There is a pattern running through last week’s attacks. In the world of crypto currencies it was the attacks on Ethereum and Ethereum-Classic that ended up in a hard fork for both. Last weekend Twitter, Paypal, Netflix and Spotify saw themselves out of order.
The reason: DoS attacks
DoS (Denial of Service) or DDoS (Distributed Denial of Service) attacks have always been an entertaining part of hacker movies or series. Commands are entered here via command line terminals à la Matrix and the target server faces a flood of requests.
In reality, the planned DDoS is one of the stronger attacks and is comparable to a lot of people running over a shopping center. Everywhere the employees are questioned, the cash registers are overcrowded, new customers cannot reach the shopping center because it is overcrowded. The result is the temporary breakdown of the service.
Such attacks can be planned or unplanned. Blogs or image boards that have become famous overnight can collapse completely unplanned under the burden of the multitude of new visitors. We at Ethereum, Twitter or Netflix can confidently rule out that this is the case.
The Internet of Things
In this chapter, the devices of the Internet of Things (IoT) play a new role. Networked cameras, refrigerators, coffee machines – some people will laugh now, the new developments around networked everyday devices are so absurd.
They are intended to make our everyday lives simpler and more structured, but they also bring new dangerous computing power into the network.
(Little anecdote from my lecture on IT security: IoT devices are not only dangerous in virtual life, there have actually been rumours that national security services wanted coffee machines to be overloaded/ malfunctioning from a distance. This malfunction was supposed to cause the machines to explode, preferably in the vicinity of terrorists, of course. A cooperation between Senseo and Samsung? wink smiley*)
These new IoT devices have hardly any security measures. They can apparently be captured quickly and integrated into a larger botnet. The IT news portal heise.de quoted the Chief Data Officer of Telefónica:
“With the Internet of Things, we’re repeating the mistakes we made in IT in the past”.
Attacks are something positive
At this point this may speak against one’s intuition, but in fact attacks are a good thing. At least in a non-traditional server structure.
We observe the growth of the IoT as a global edition of tools and materials. Everyone deals with the materials differently. The developers say to themselves, “nothing will happen”. The average user “joins” the materials as the developer intended. And then there is a not negligible minority that uses the new materials to forge “weapons” out of them.
The goal are the above-mentioned services – and more. But blockchain experts transform the term “attack” into something positive.

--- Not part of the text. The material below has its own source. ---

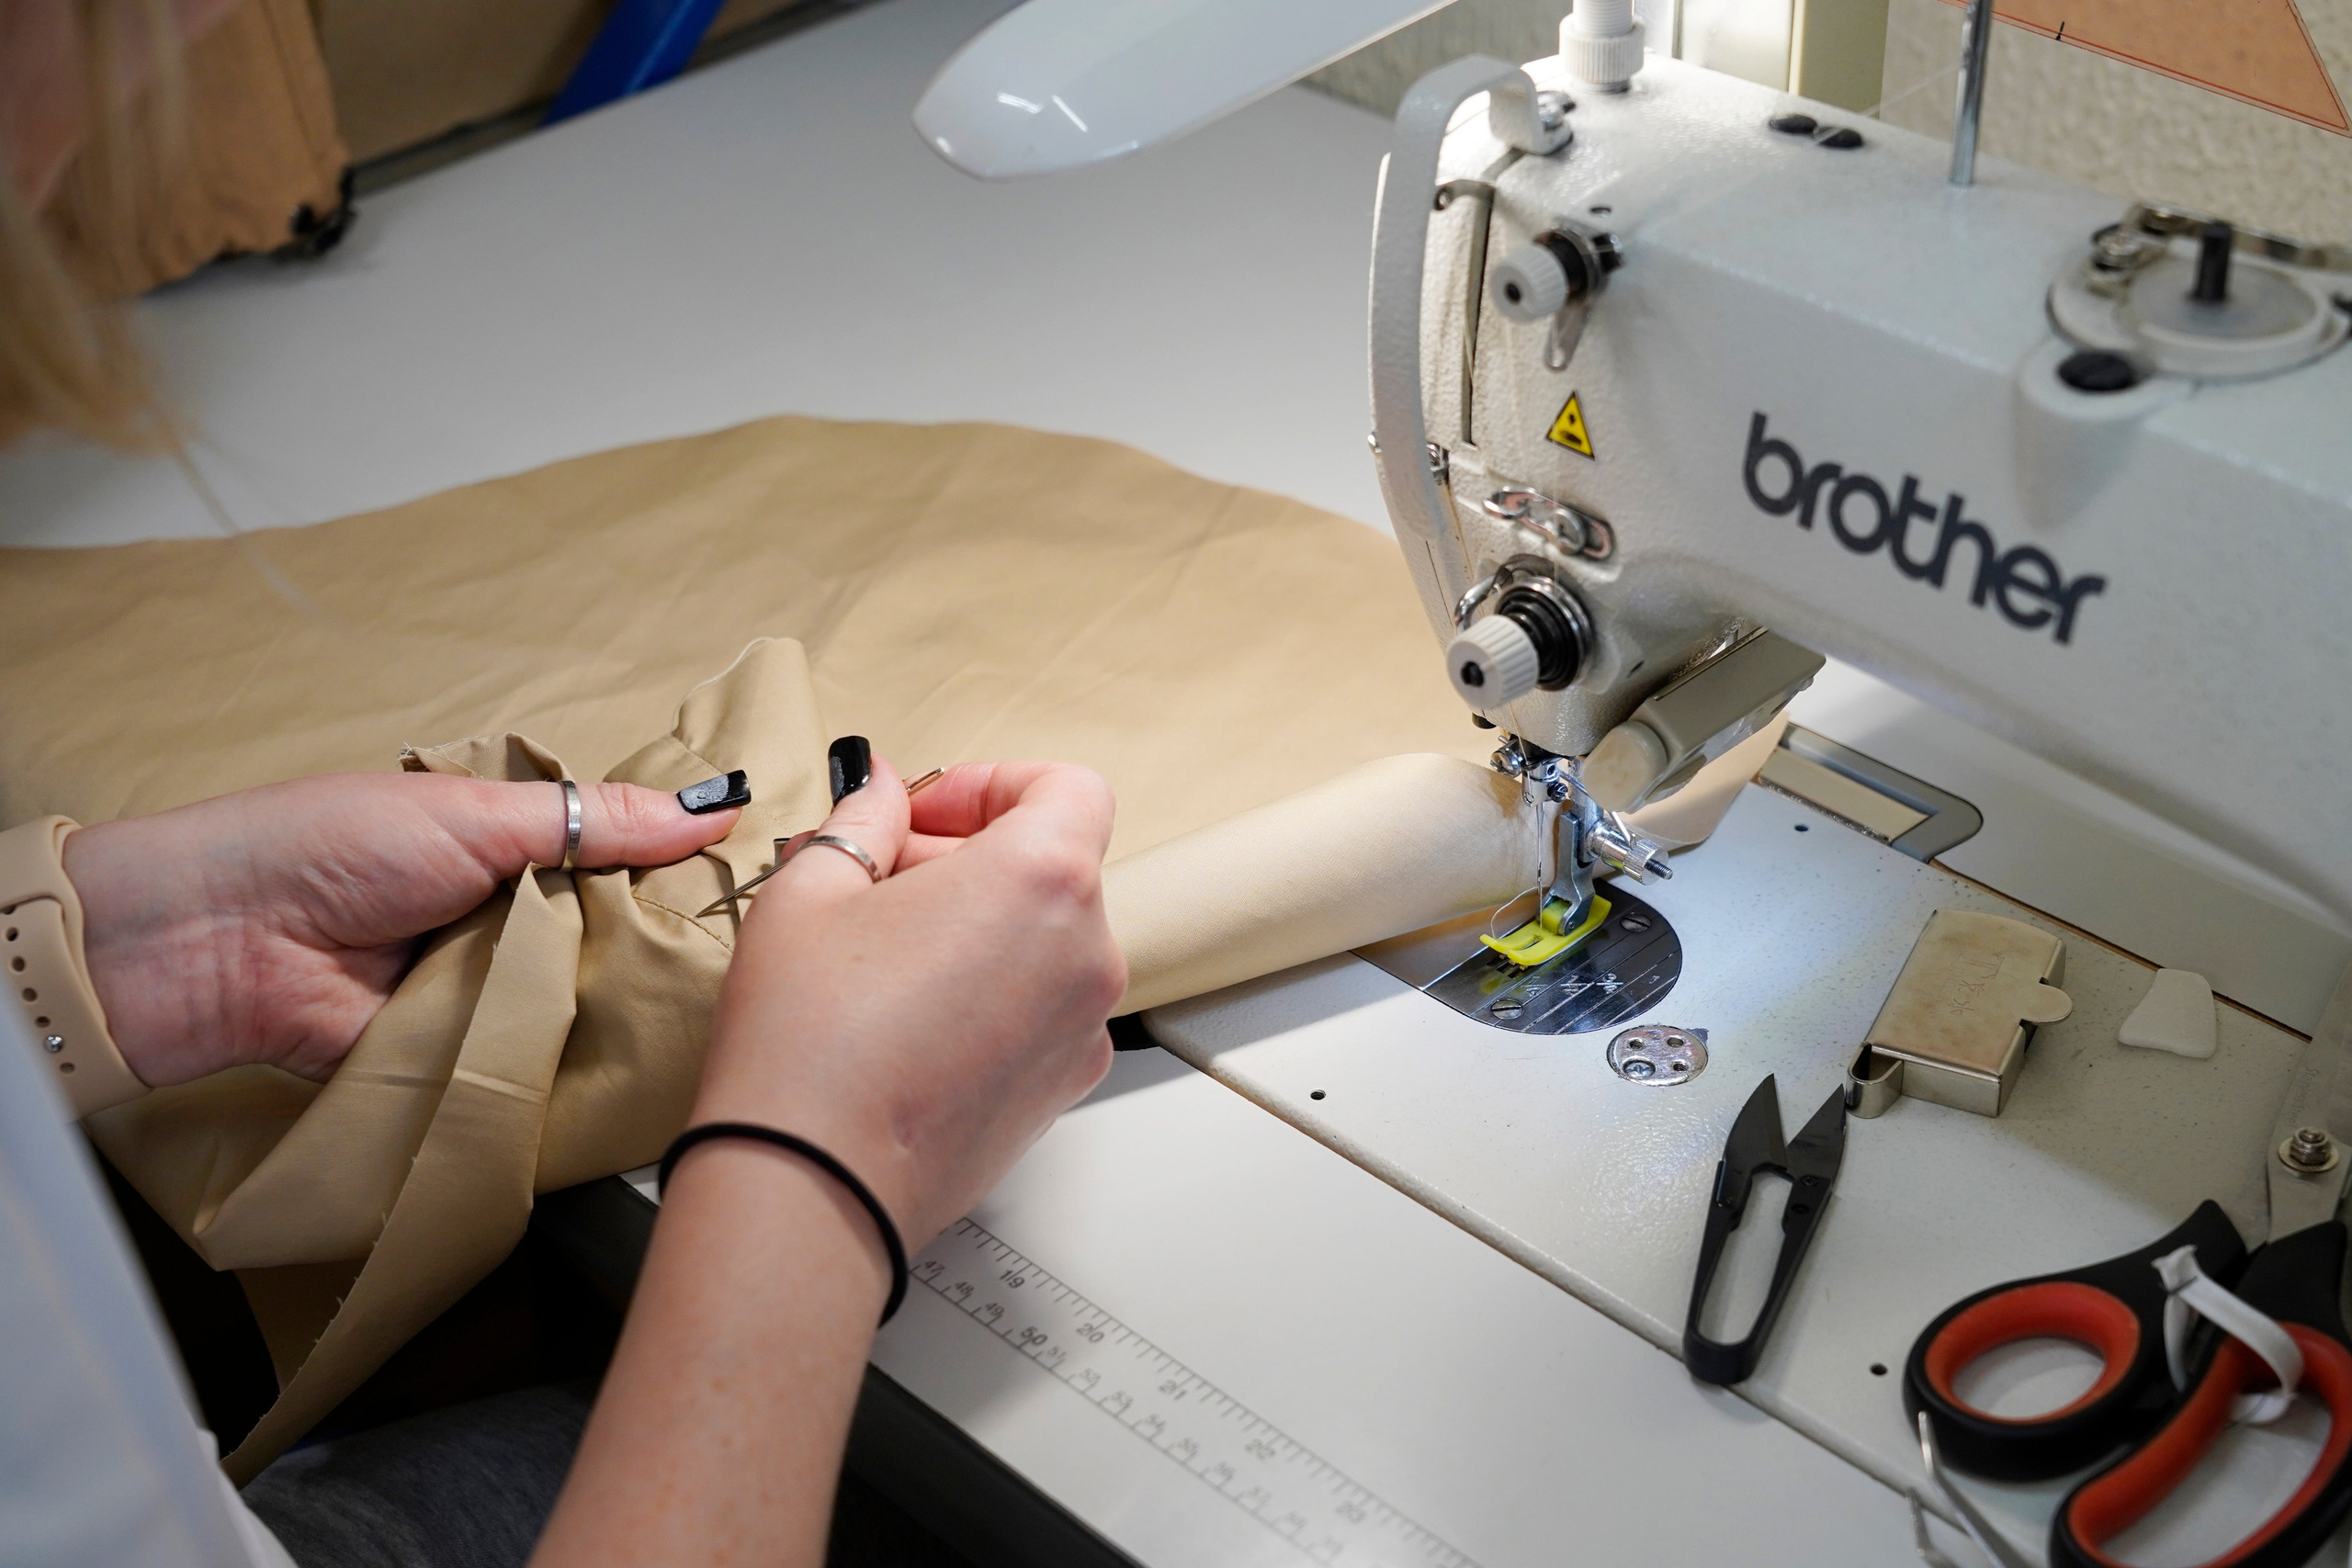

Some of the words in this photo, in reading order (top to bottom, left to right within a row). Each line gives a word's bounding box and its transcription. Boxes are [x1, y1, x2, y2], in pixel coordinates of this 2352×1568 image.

Traditional servers are centrally controlled and thus offer a central attack surface. Of course, these services can also learn from attacks, but they have to live with the downtime – the time when the services are simply offline due to the attacks.
Ethereum and Ethereum Classic, or Bitcoin – they all work with blockchain technology and are distributed. These networks, and therefore their services, are not centrally deactivatable. Even if they suffer attacks, this does not lead to the same results as with Netflix, Spotify and Co.
One could even go so far as to speak of the opposite: Precisely because these network structures don’t go offline, you can actively work on countermeasures. For a short period you may have to introduce a hard fork, as in the example of Ethereum. But in the long run you are prepared for such attacks. Their decentralization makes the costs of an attack skyrocket, making it unprofitable.
Traditional network structures, on the other hand, are often bombarded with the same attack pattern – it is not held together as a group against it, everyone “patches” their own security holes. An attacker then only has to let go of his line and wander to the next unprepared target.